Sorprende saber que en algunas ciudades de Estados Unidos como Tampa, Florida, se vende legalmente la carne de venado, cuando en Honduras se encuentra, prácticamente, en extinción esta especie silvestre, debido a la cacería indiscriminada y a su falta de protección.
En países del primer mundo, la carne de venado se expende cruda en supermercados o formando parte del menú de un restaurante, durante las temporadas en que se encuentra suspendida su cacería.
Si en Honduras la caza de este cérvido fuera regulada como en esas latitudes, todavía podríamos disfrutar de los deliciosos platos que se preparan a base de su carne, como el nacarigüe, una comida típica de origen indígena la cual consiste en un caldo espeso de carne y maíz molido, sopa de hueso de venado ahumado en una hornilla, condimentado y sazonado al gusto. Se dice que es propio de Nicaragua, pero en diferentes regiones de Honduras era muy apetecido por aquellos tiempos en que las serranías estaban superpobladas de venados.
Era tal la proliferación de estos animales que existía la creencia popular de que cuando llovía y hacía sol a la vez, era porque en las montañas estaban pariendo las venadas. Pero poco a poco fue creciendo el número de cazadores que subían de día y de noche a las montañas con sus escopetas cargadas y lámparas en la frente, no tanto por apetito, como por practicar puntería hasta en los cervatillos.
Ya no eran los campesinos quienes buscaba llevar una extravagante comida a su mesa, sino catrines de la ciudad que disponían de sofisticados equipos para practicar, a su libre albedrío, el deporte de la cacería.
Los criminales incendios forestales y la tala inmisericorde con fines de lucro, han contribuido también ha destruir el hábitat de estos y otros animales del monte cuya carne, ancestralmente, formaba parte de la dieta, especialmente de los hondureños del campo.
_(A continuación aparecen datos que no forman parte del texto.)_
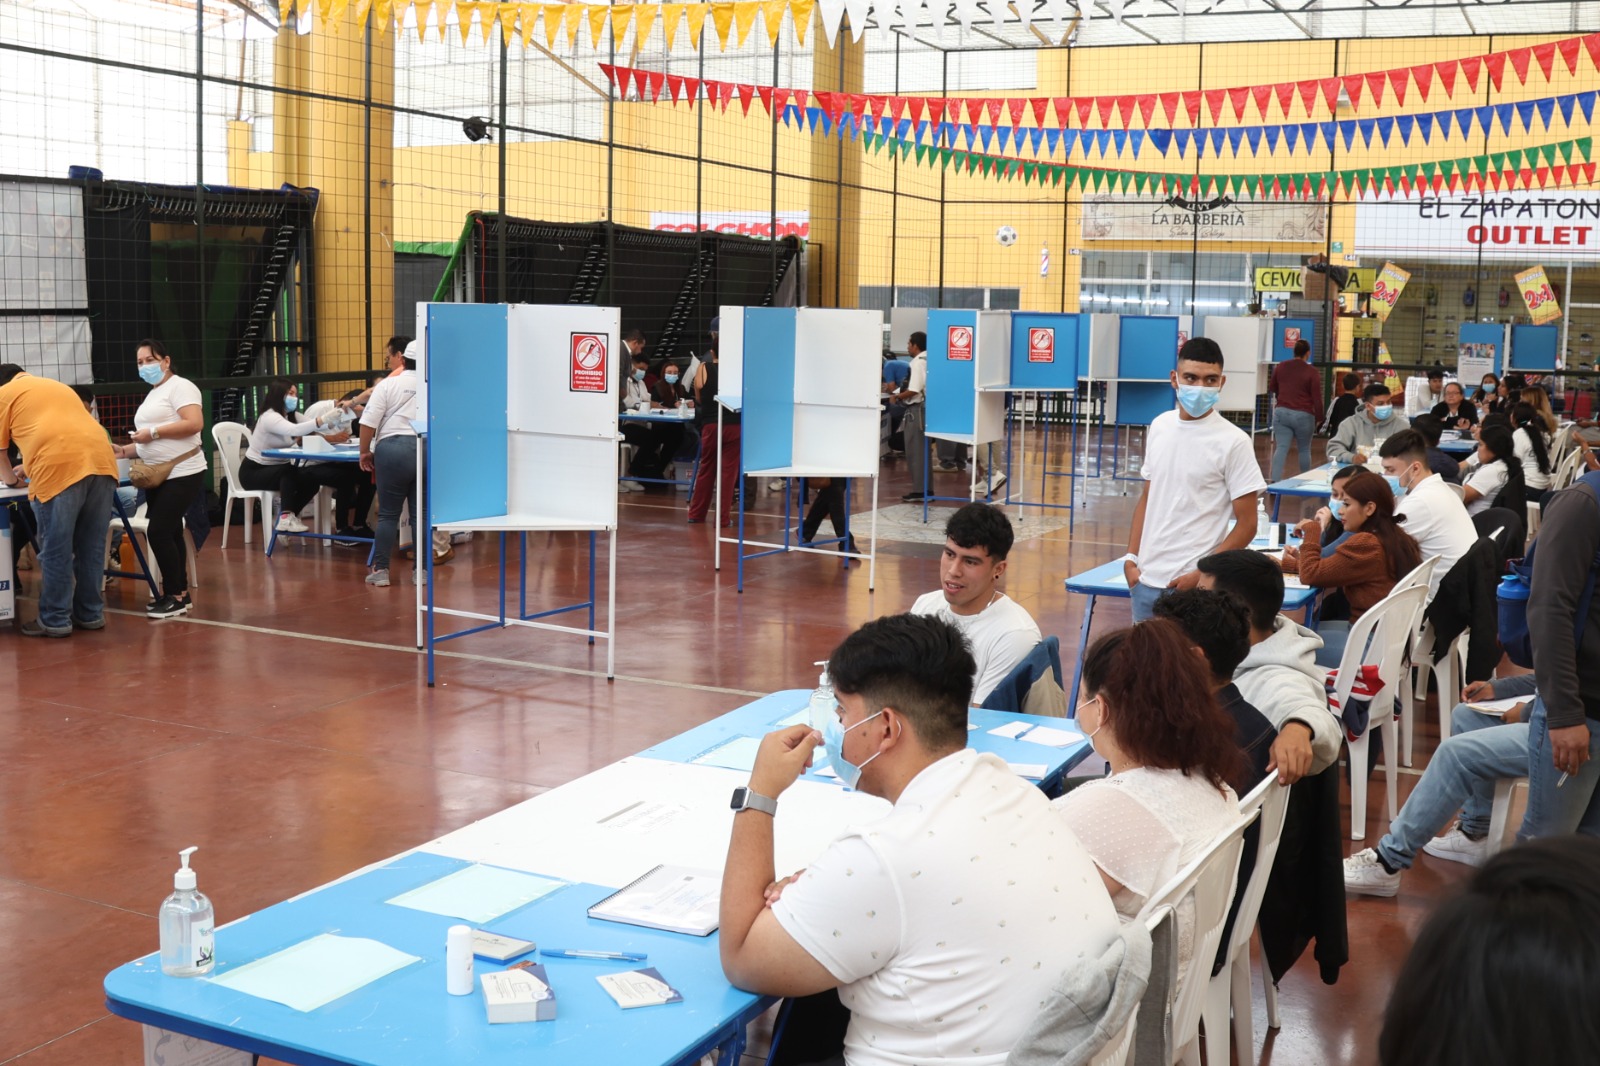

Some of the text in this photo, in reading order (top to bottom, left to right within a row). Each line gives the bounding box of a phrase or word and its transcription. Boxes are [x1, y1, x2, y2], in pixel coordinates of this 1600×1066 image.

[1151, 213, 1169, 225] LA
[1419, 197, 1450, 219] EL
[1467, 225, 1593, 245] OUTLET
[1371, 280, 1399, 307] 2x1
[1524, 283, 1554, 309] 2x1
La carne magra de algunos animales que viven en libertad, como el venado, son ricas en hierro, lo cual permite que la sangre transporte oxígeno desde los pulmones hacia otras partes del cuerpo. Además, regula el metabolismo y la generación de energía, entre otros beneficios señalados por los nutricionistas.
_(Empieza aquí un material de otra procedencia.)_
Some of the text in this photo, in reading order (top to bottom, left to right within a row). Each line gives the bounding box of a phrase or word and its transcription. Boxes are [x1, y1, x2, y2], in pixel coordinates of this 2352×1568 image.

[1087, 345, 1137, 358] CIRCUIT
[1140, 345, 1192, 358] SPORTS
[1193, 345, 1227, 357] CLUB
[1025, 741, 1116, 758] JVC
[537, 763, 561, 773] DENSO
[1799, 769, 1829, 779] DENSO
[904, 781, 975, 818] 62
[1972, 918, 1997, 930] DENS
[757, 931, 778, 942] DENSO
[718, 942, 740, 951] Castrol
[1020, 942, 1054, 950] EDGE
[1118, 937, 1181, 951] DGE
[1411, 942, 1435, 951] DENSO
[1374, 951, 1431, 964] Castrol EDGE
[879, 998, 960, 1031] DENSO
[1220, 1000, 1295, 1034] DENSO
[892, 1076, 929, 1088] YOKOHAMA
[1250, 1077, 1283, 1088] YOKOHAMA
Por supuesto que hay leyes en el país para proteger a estas valiosas especies, pero mucha gente no las acata, ni las autoridades hacen que se cumplan. Es pertinente imponer vedas estrictas que permitan la reproducción periódica de los venados pues de continuar su exterminio, solo en imágenes podrán conocerlos nuestros descendientes.
Actualmente, solamente en zonas protegidas como Punta Hisopo o Cuero y Salado en el Litoral Atlántico, esta fauna está libre de la amenaza de los rifles y las escopetas.
Aun así, no fácilmente podremos ver, entre la floresta, un venado Cola Blanca que es símbolo nacional por ser el ejemplar más precioso de su especie. Hasta hace unos pocos años era fácil encontrarlo en su hábitat preferido:los bosques secos y nublados, como también en las sábanas.
Es importante saber que el 28 de junio fue decretado como el Día Nacional del Venado Colá Blanca, para incentivar y recordar a la población el deber que tiene de respetar y cuidar nuestra fauna. Sin embargo, considero que ese recordatorio y ese compromiso deben ser permanentes.